Exercise brief: Please retype all of the records below word for word, leaving out any pictures.
======
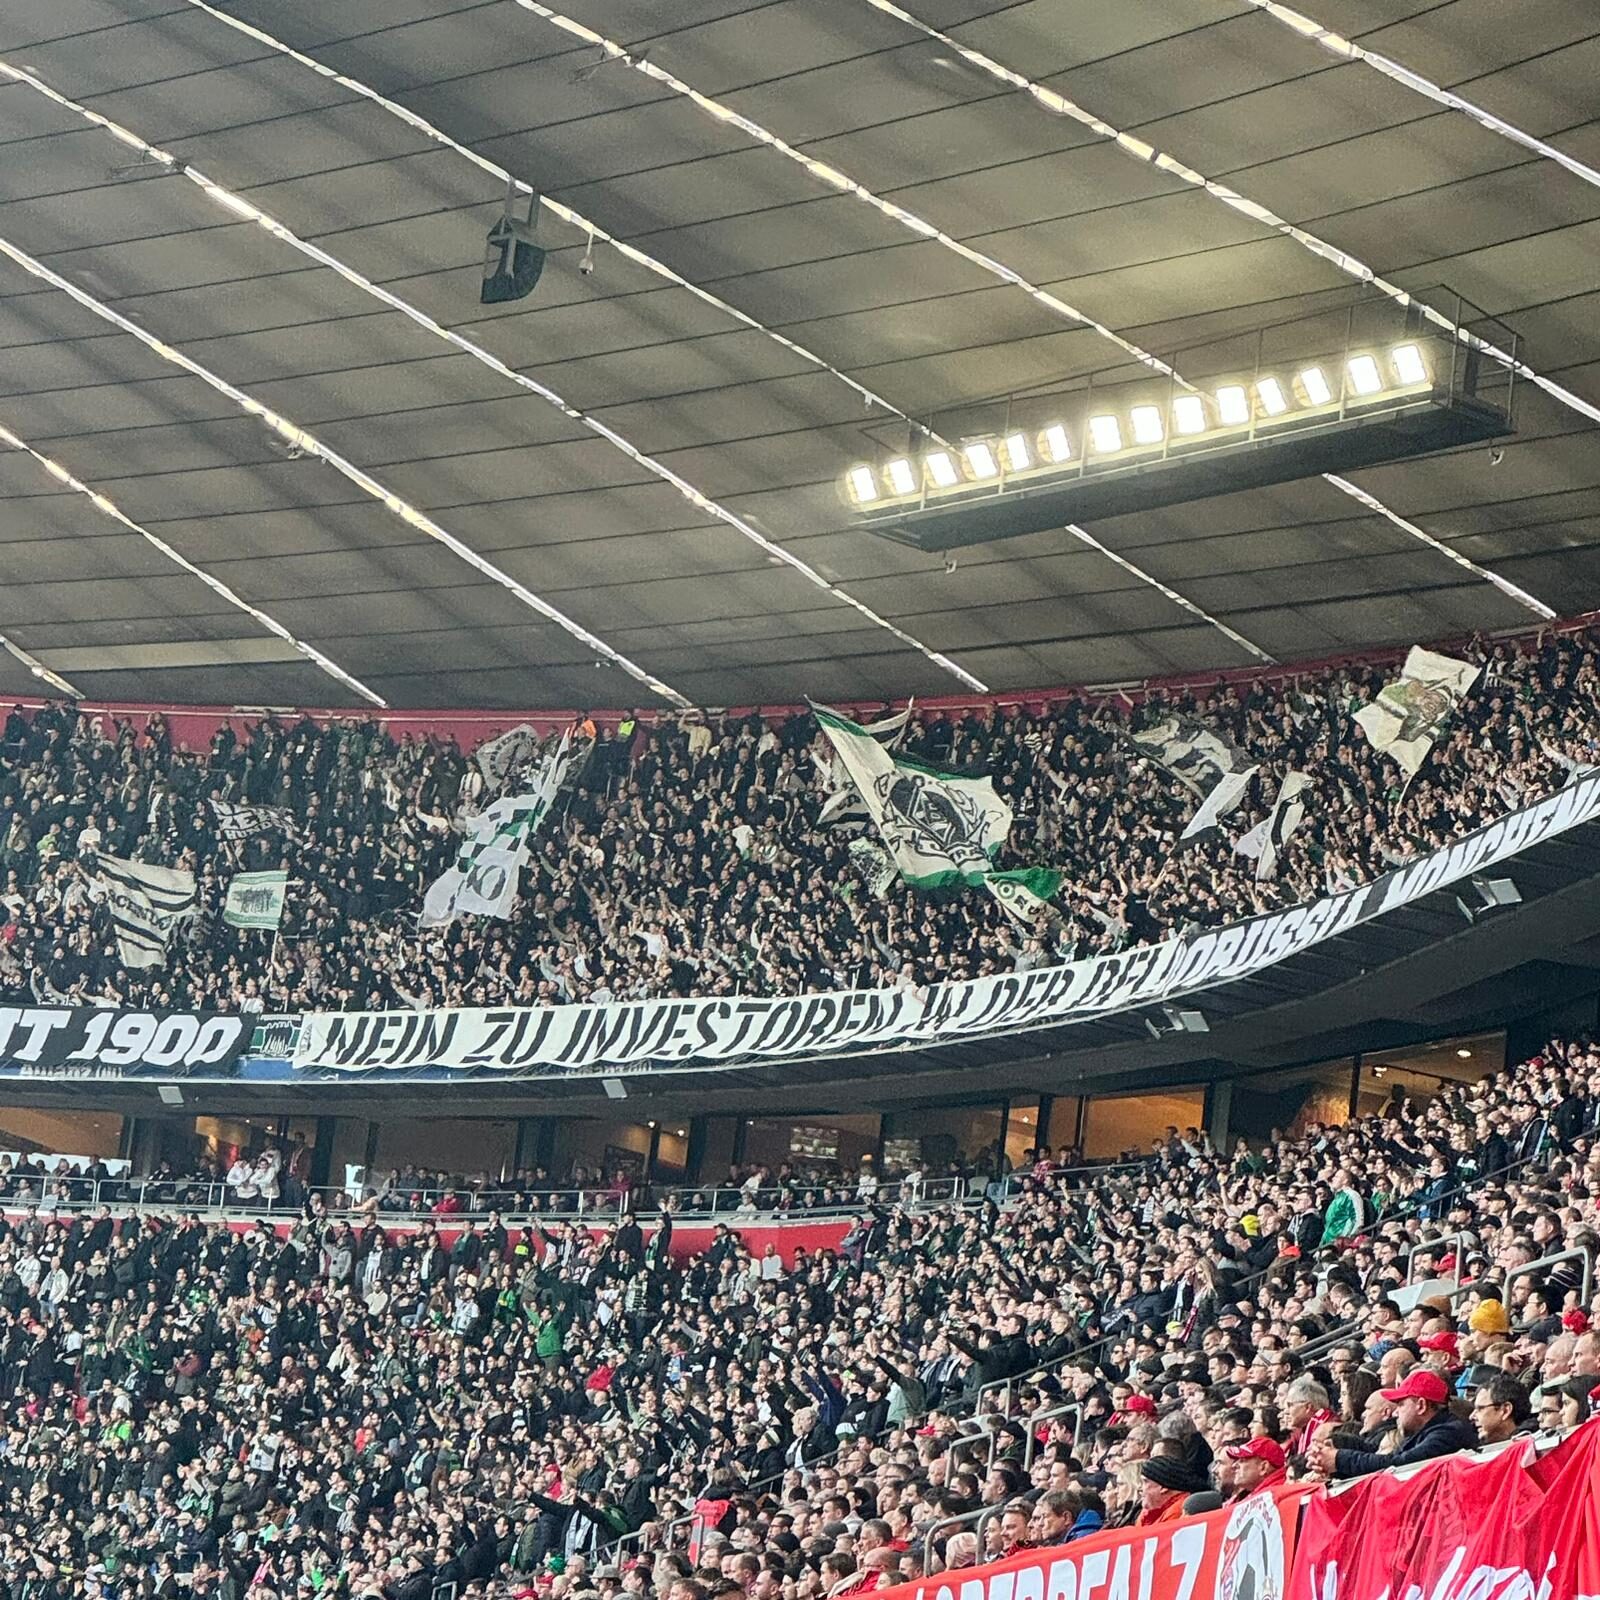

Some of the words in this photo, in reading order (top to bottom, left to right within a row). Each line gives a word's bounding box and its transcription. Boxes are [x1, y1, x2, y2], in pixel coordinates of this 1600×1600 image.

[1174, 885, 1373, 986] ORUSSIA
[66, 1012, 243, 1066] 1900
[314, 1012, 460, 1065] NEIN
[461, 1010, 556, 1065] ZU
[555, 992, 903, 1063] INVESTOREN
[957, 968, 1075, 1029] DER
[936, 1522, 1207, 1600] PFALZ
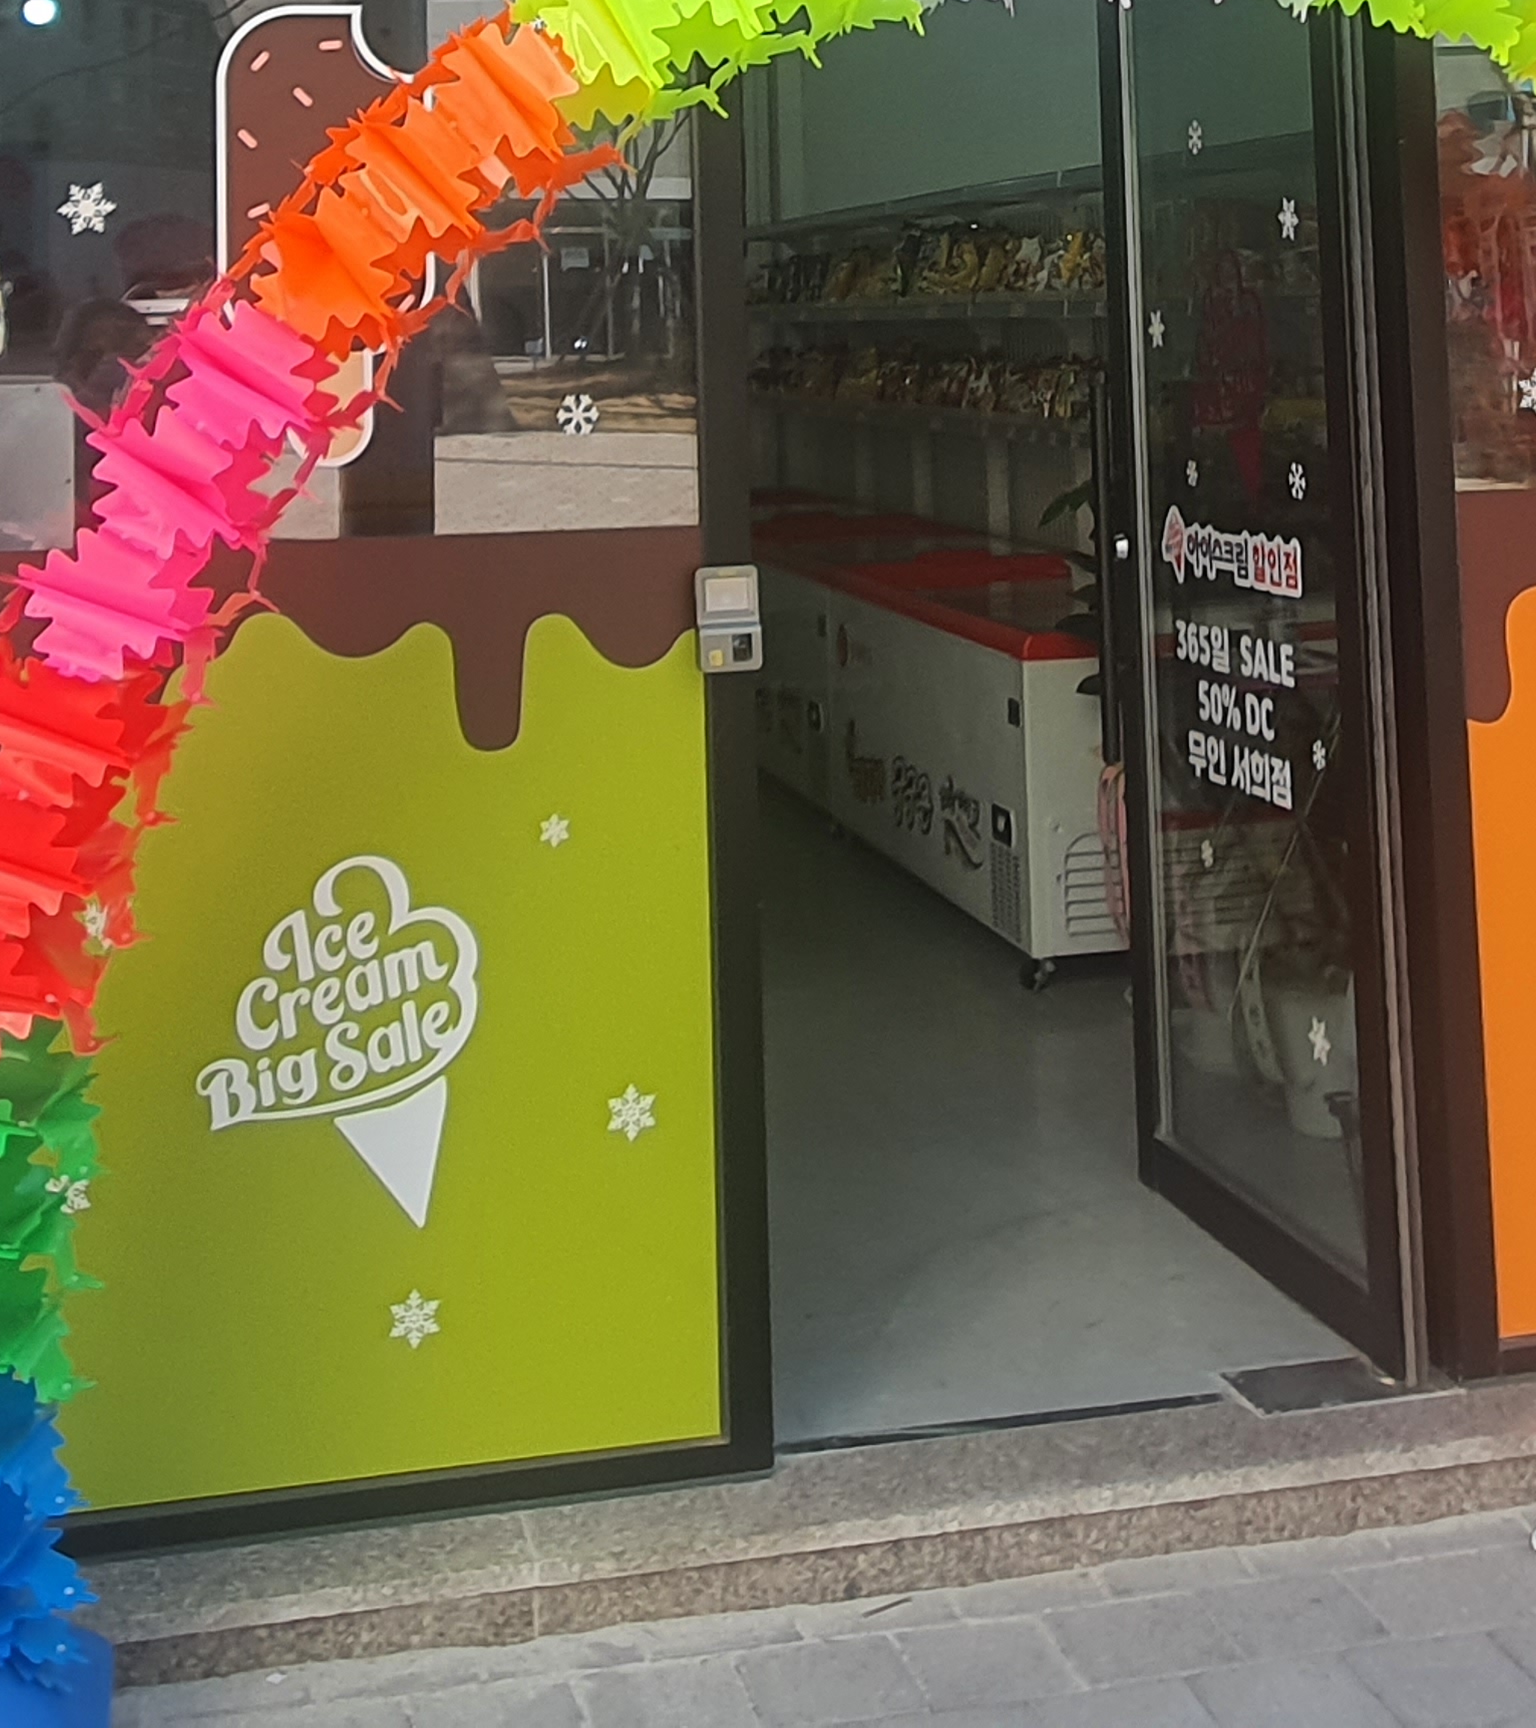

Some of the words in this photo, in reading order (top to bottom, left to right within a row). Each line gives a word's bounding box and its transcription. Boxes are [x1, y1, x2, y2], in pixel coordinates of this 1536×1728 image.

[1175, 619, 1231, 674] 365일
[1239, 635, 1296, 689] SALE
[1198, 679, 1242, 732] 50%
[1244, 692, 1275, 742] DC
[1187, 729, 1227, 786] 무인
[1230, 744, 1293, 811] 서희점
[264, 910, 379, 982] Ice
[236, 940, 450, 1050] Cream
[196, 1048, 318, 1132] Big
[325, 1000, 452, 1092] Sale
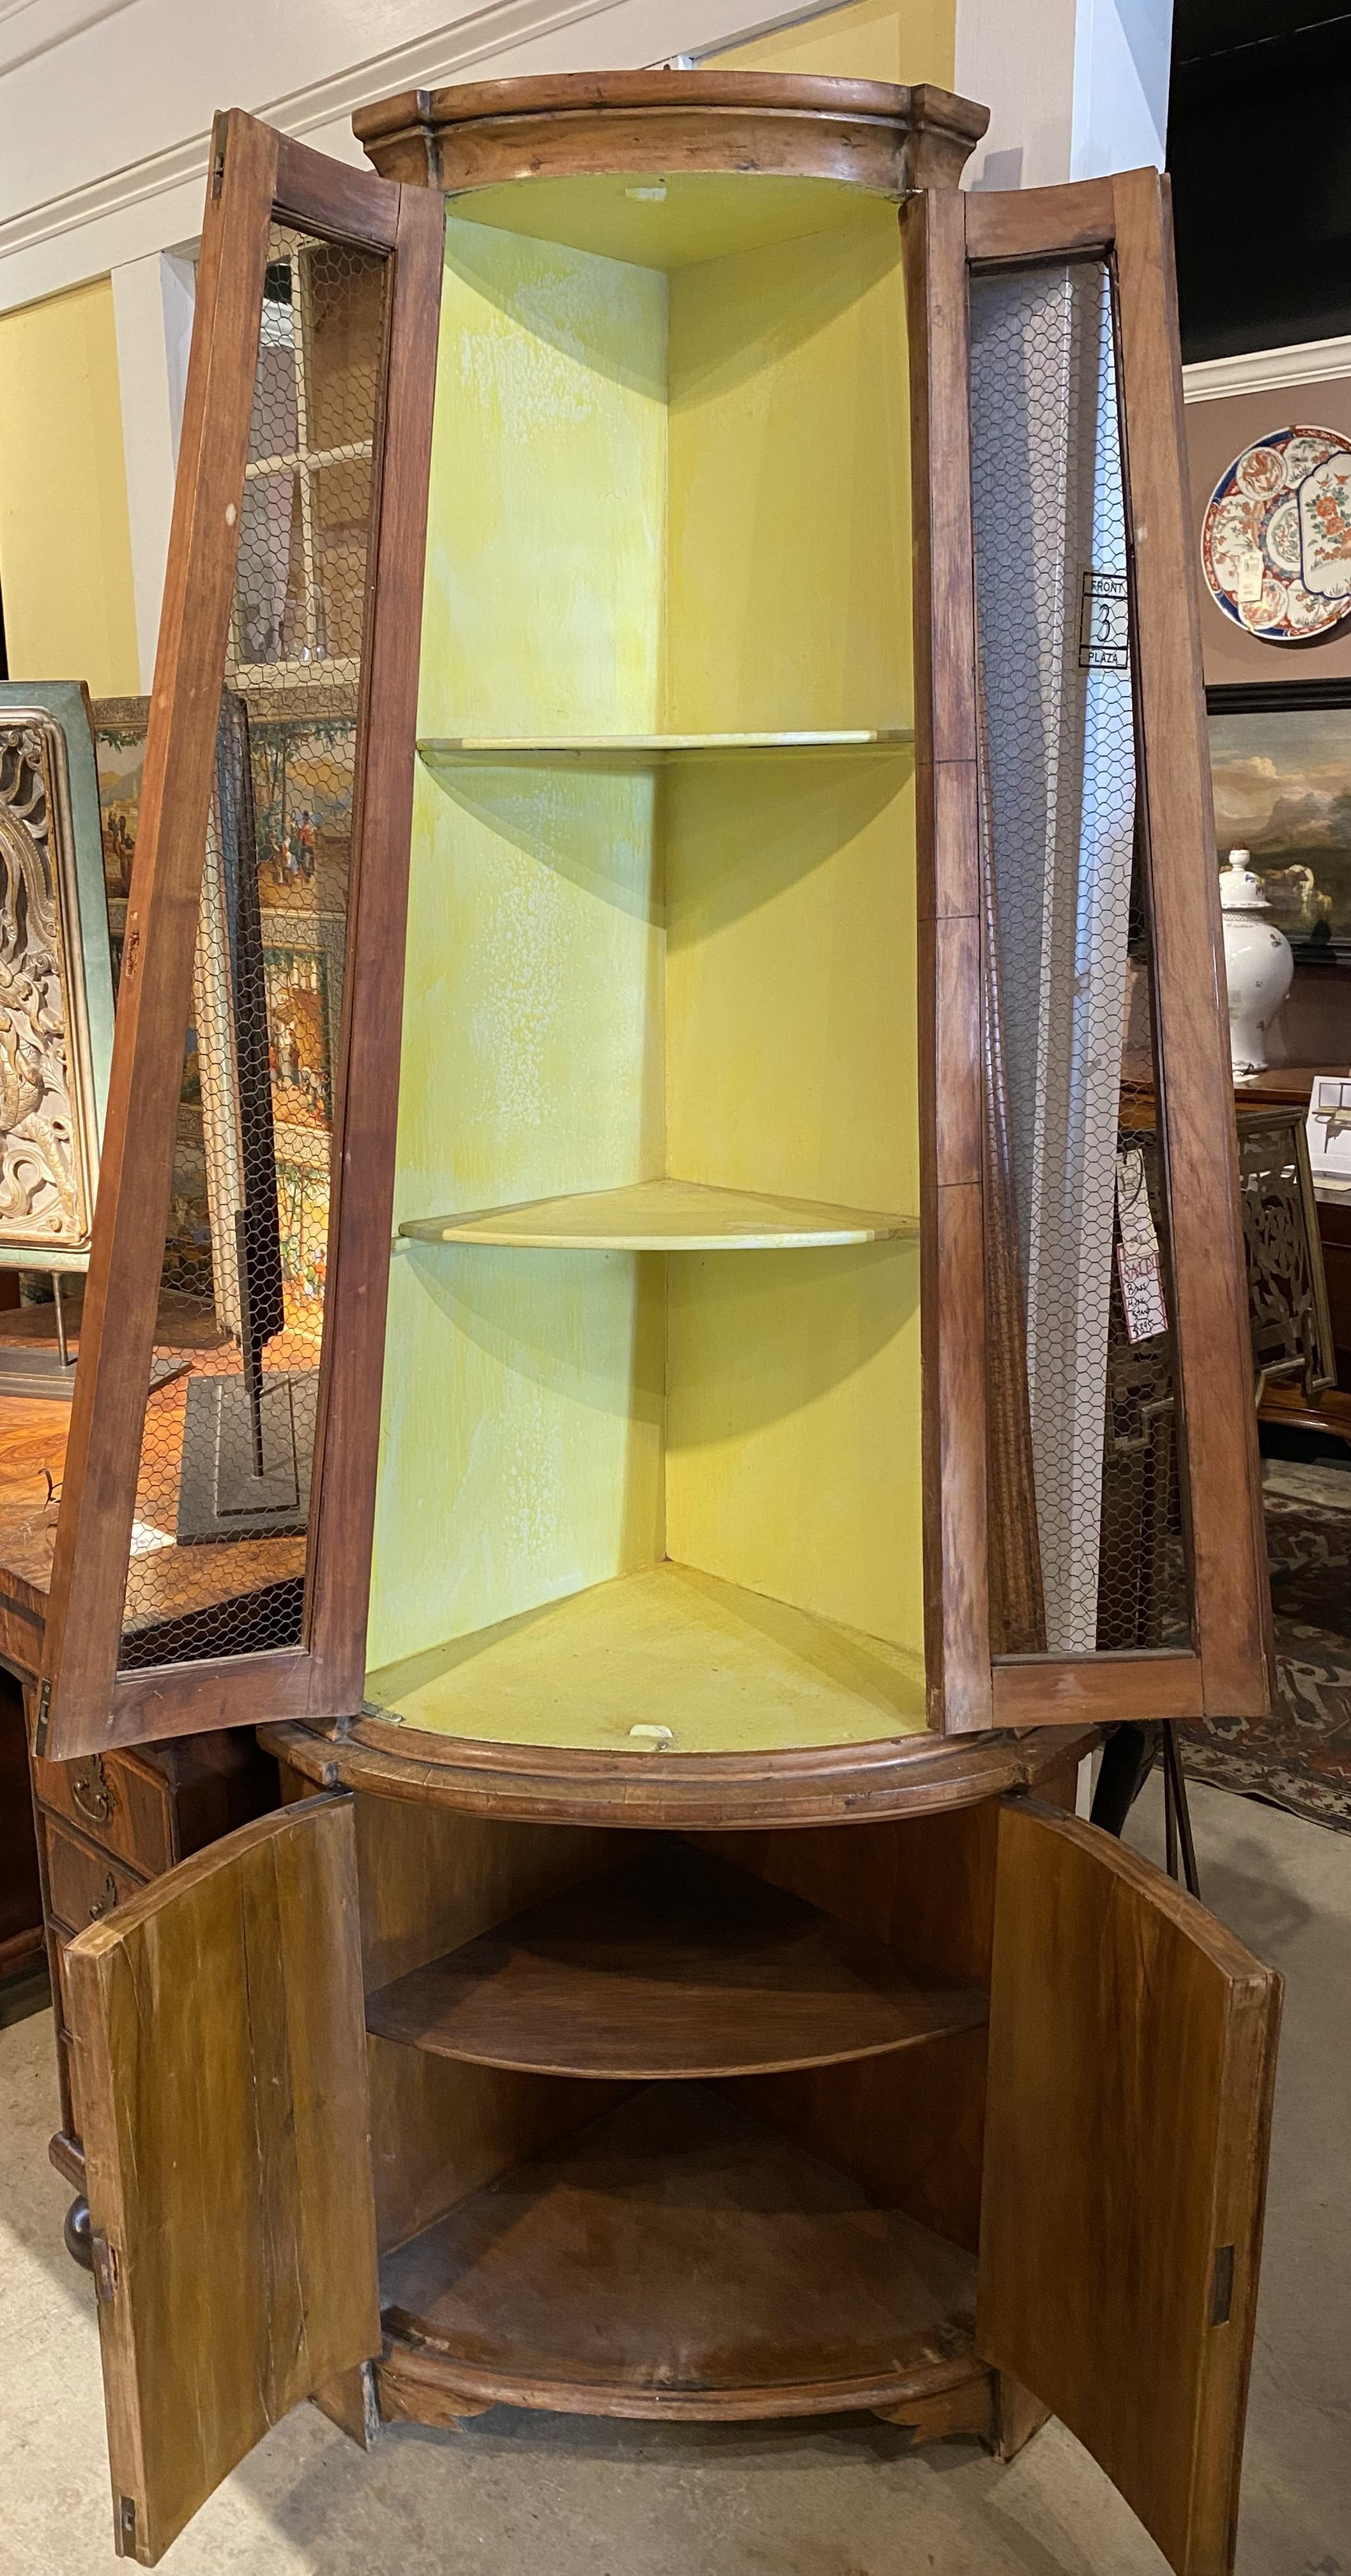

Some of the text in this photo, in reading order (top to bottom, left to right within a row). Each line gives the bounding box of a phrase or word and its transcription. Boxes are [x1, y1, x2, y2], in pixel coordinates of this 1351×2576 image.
======
Problem solution:
Some of the words in this photo, in reading order (top to bottom, left to right within a row). Each line gives a word's bounding box and its transcription. Boxes are [x1, y1, x2, y2], in pixel coordinates of this 1600×1600 image.

[1174, 885, 1373, 986] ORUSSIA
[66, 1012, 243, 1066] 1900
[314, 1012, 460, 1065] NEIN
[461, 1010, 556, 1065] ZU
[555, 992, 903, 1063] INVESTOREN
[957, 968, 1075, 1029] DER
[936, 1522, 1207, 1600] PFALZ

Some of the words in this photo, in reading order (top to bottom, left to right within a row). Each line gives a word's bounding box and its transcription. Boxes are [x1, y1, x2, y2], in pixel coordinates of this 1536×1728 image.

[1175, 619, 1231, 674] 365일
[1239, 635, 1296, 689] SALE
[1198, 679, 1242, 732] 50%
[1244, 692, 1275, 742] DC
[1187, 729, 1227, 786] 무인
[1230, 744, 1293, 811] 서희점
[264, 910, 379, 982] Ice
[236, 940, 450, 1050] Cream
[196, 1048, 318, 1132] Big
[325, 1000, 452, 1092] Sale

Some of the text in this photo, in reading order (top to bottom, left to right within a row). Each line gives the bounding box of a phrase or word and its transcription. Boxes are [x1, y1, x2, y2], in pixel coordinates of this 1351×2576 image.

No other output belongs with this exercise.